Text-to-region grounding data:
:::::
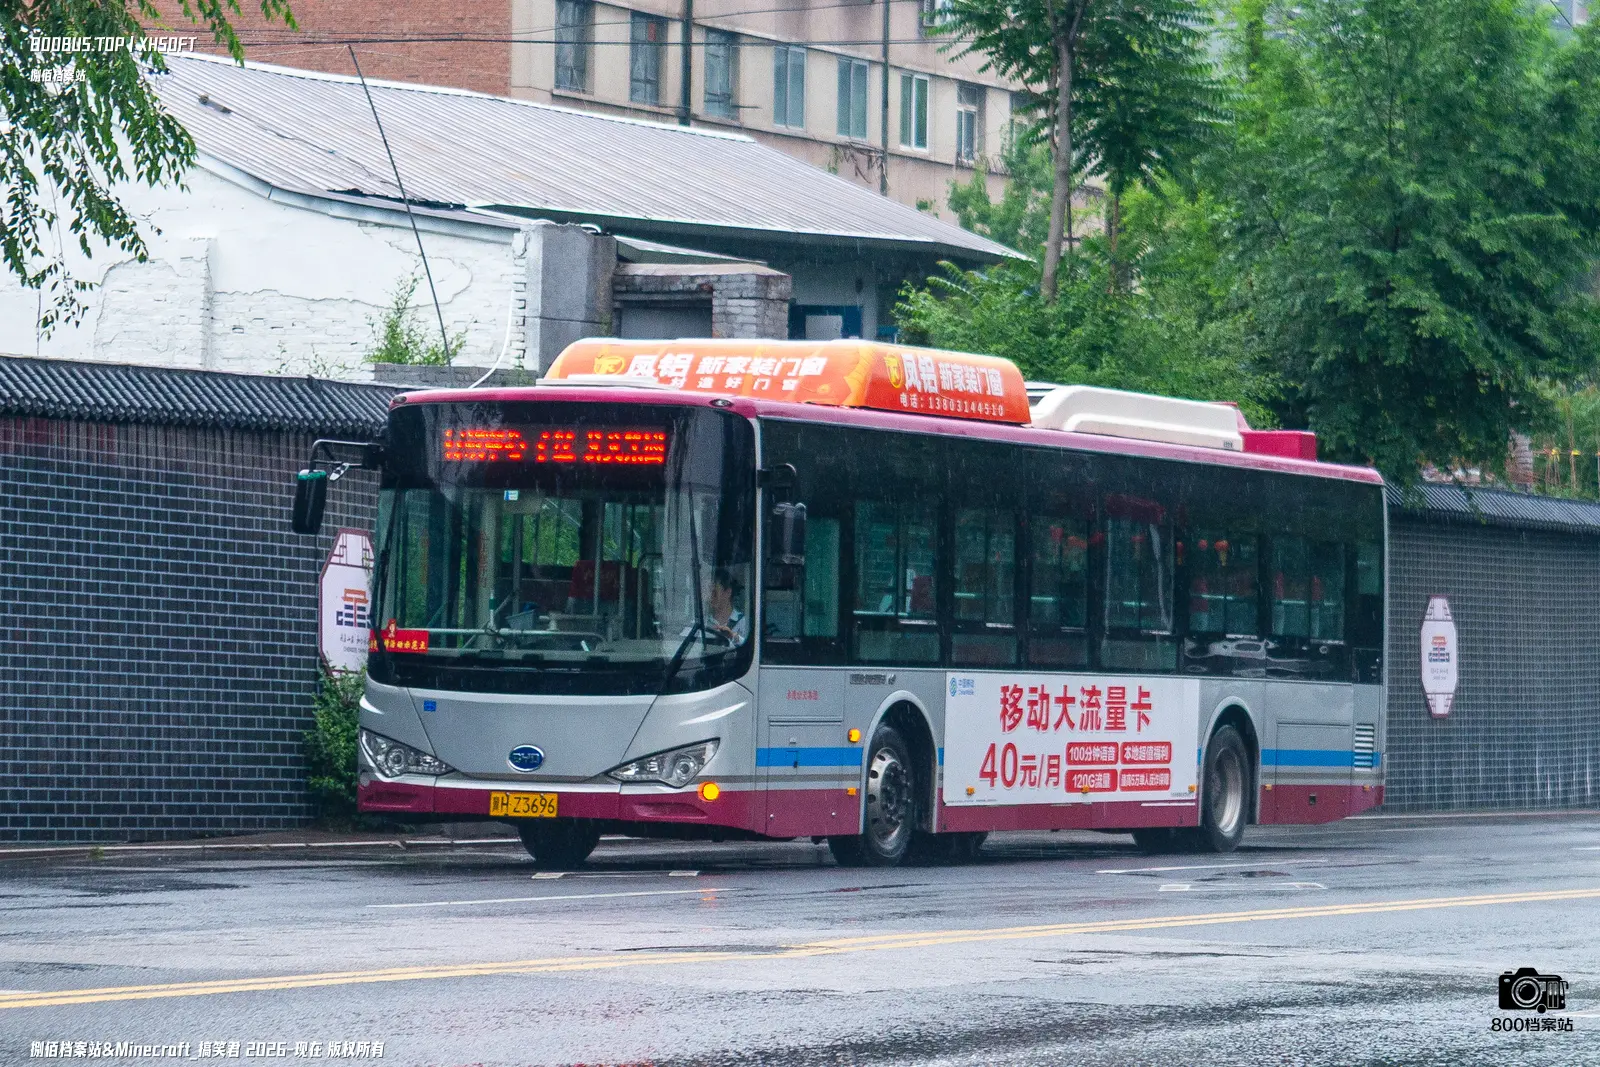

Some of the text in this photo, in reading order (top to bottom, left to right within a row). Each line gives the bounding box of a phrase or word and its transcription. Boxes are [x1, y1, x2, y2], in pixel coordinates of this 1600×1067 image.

[1000, 683, 1152, 733] 移动大流量卡
[979, 742, 1061, 788] 40元/月
[1069, 745, 1116, 762] 100分钟语音
[1072, 772, 1111, 789] 120G流量
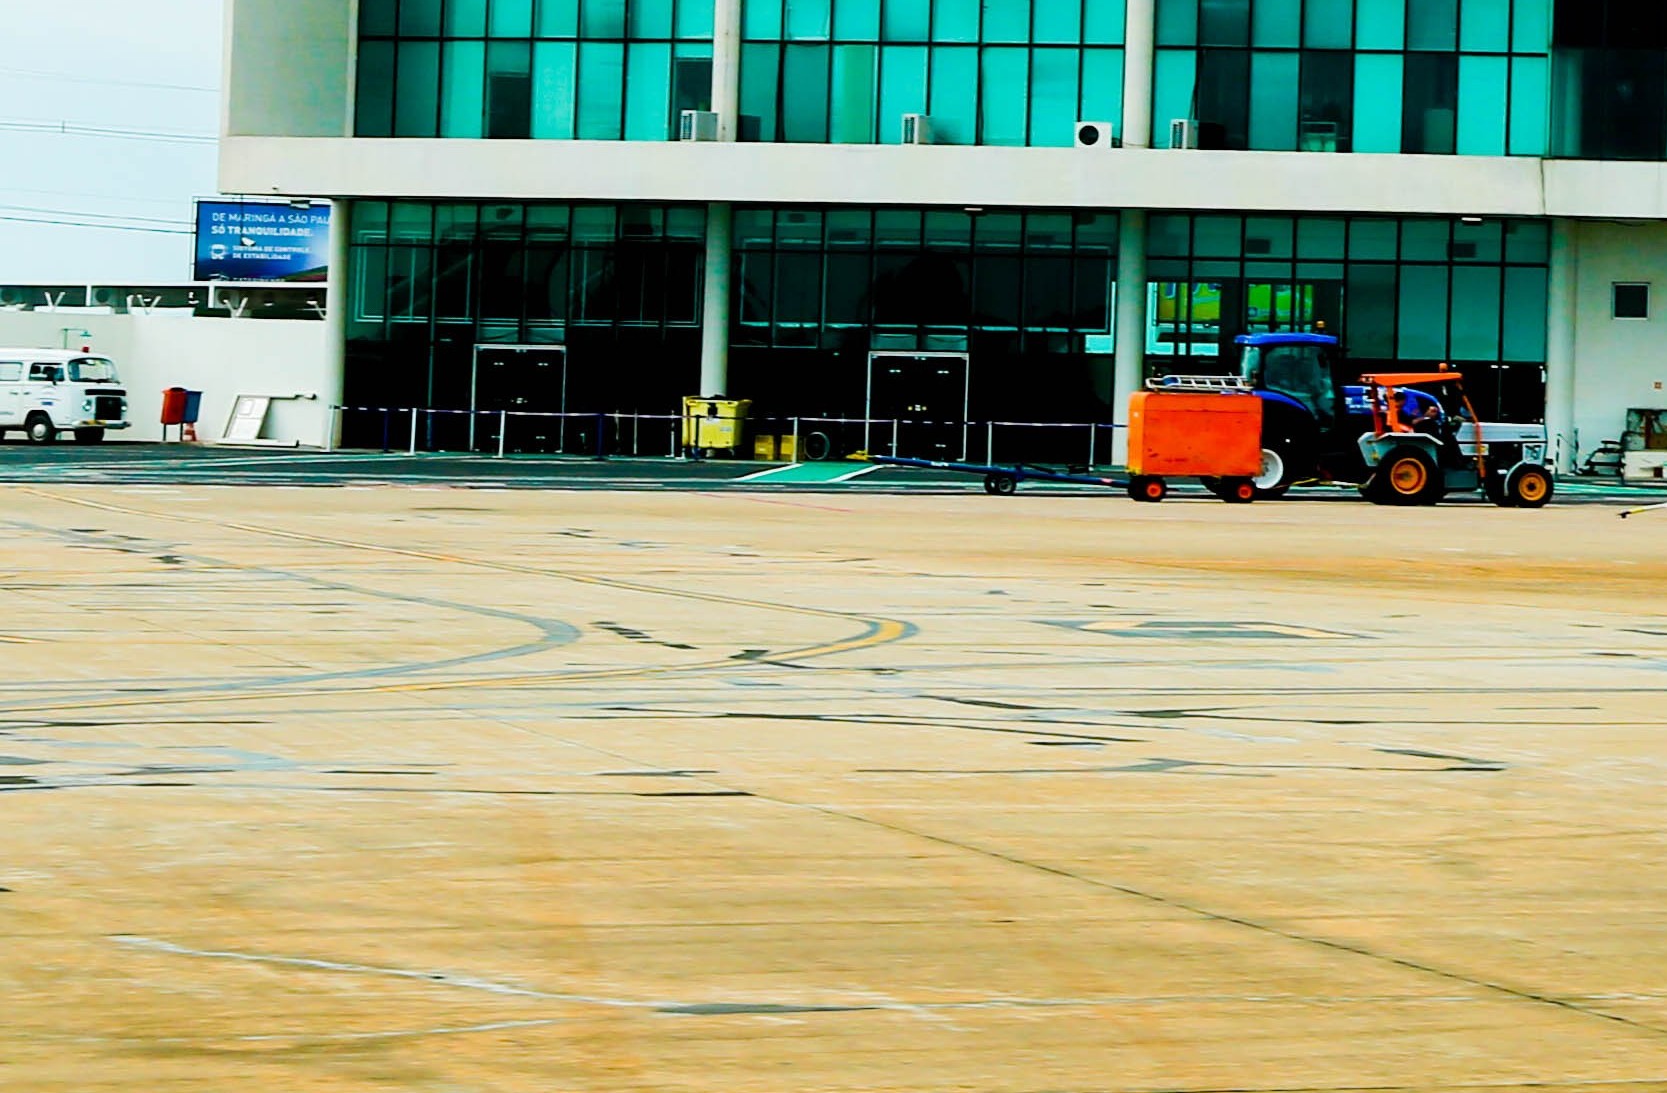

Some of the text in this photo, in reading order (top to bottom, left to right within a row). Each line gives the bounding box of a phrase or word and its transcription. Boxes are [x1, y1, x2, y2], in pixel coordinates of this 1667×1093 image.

[212, 212, 226, 222] DE
[278, 215, 286, 223] A
[288, 212, 308, 224] SÃO
[211, 223, 226, 234] SÓ
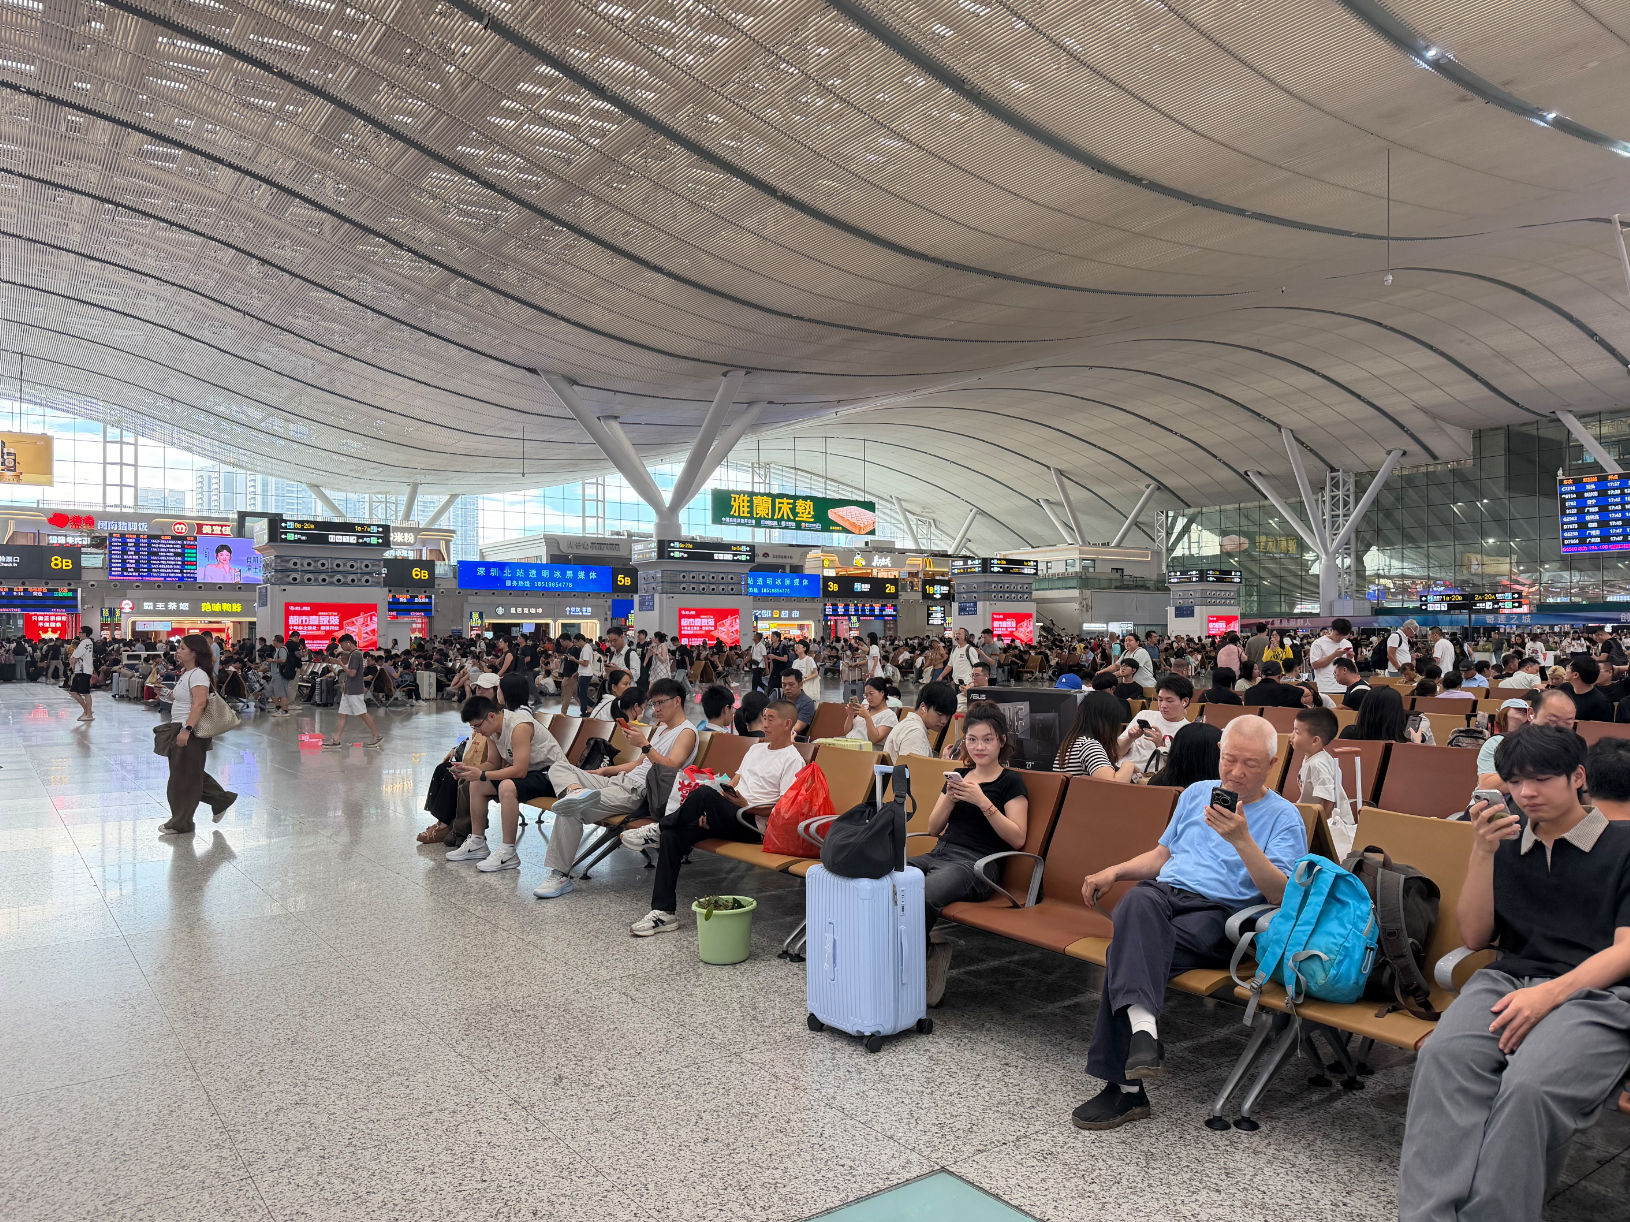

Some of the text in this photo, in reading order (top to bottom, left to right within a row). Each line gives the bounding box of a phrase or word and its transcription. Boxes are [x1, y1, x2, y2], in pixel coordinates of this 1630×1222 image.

[730, 494, 814, 522] 雅蘭床墊
[98, 520, 148, 531] 闽南猪脚饭
[51, 556, 72, 569] 8B
[412, 568, 429, 579] 6B
[476, 567, 597, 580] 深圳北站透明冰屏媒体
[618, 575, 631, 585] 5B
[828, 582, 839, 592] 3B
[886, 584, 896, 593] 2B
[926, 585, 934, 594] 1B
[143, 602, 189, 610] 霸王茶姬
[201, 602, 242, 612] 绝味鸭脖
:::::
■ **Your task**: Return verbatim every line from the one holding "this 1667×1093 image." to the end of the records above. Do not copy the pictures.

■ **Finished task**:
Some of the text in this photo, in reading order (top to bottom, left to right within a row). Each line gives the bounding box of a phrase or word and its transcription. Boxes are [x1, y1, x2, y2], in pixel coordinates of this 1667×1093 image.

[212, 212, 226, 222] DE
[278, 215, 286, 223] A
[288, 212, 308, 224] SÃO
[211, 223, 226, 234] SÓ

Some of the text in this photo, in reading order (top to bottom, left to right within a row). Each line gives the bounding box of a phrase or word and its transcription. Boxes are [x1, y1, x2, y2], in pixel coordinates of this 1630×1222 image.

[730, 494, 814, 522] 雅蘭床墊
[98, 520, 148, 531] 闽南猪脚饭
[51, 556, 72, 569] 8B
[412, 568, 429, 579] 6B
[476, 567, 597, 580] 深圳北站透明冰屏媒体
[618, 575, 631, 585] 5B
[828, 582, 839, 592] 3B
[886, 584, 896, 593] 2B
[926, 585, 934, 594] 1B
[143, 602, 189, 610] 霸王茶姬
[201, 602, 242, 612] 绝味鸭脖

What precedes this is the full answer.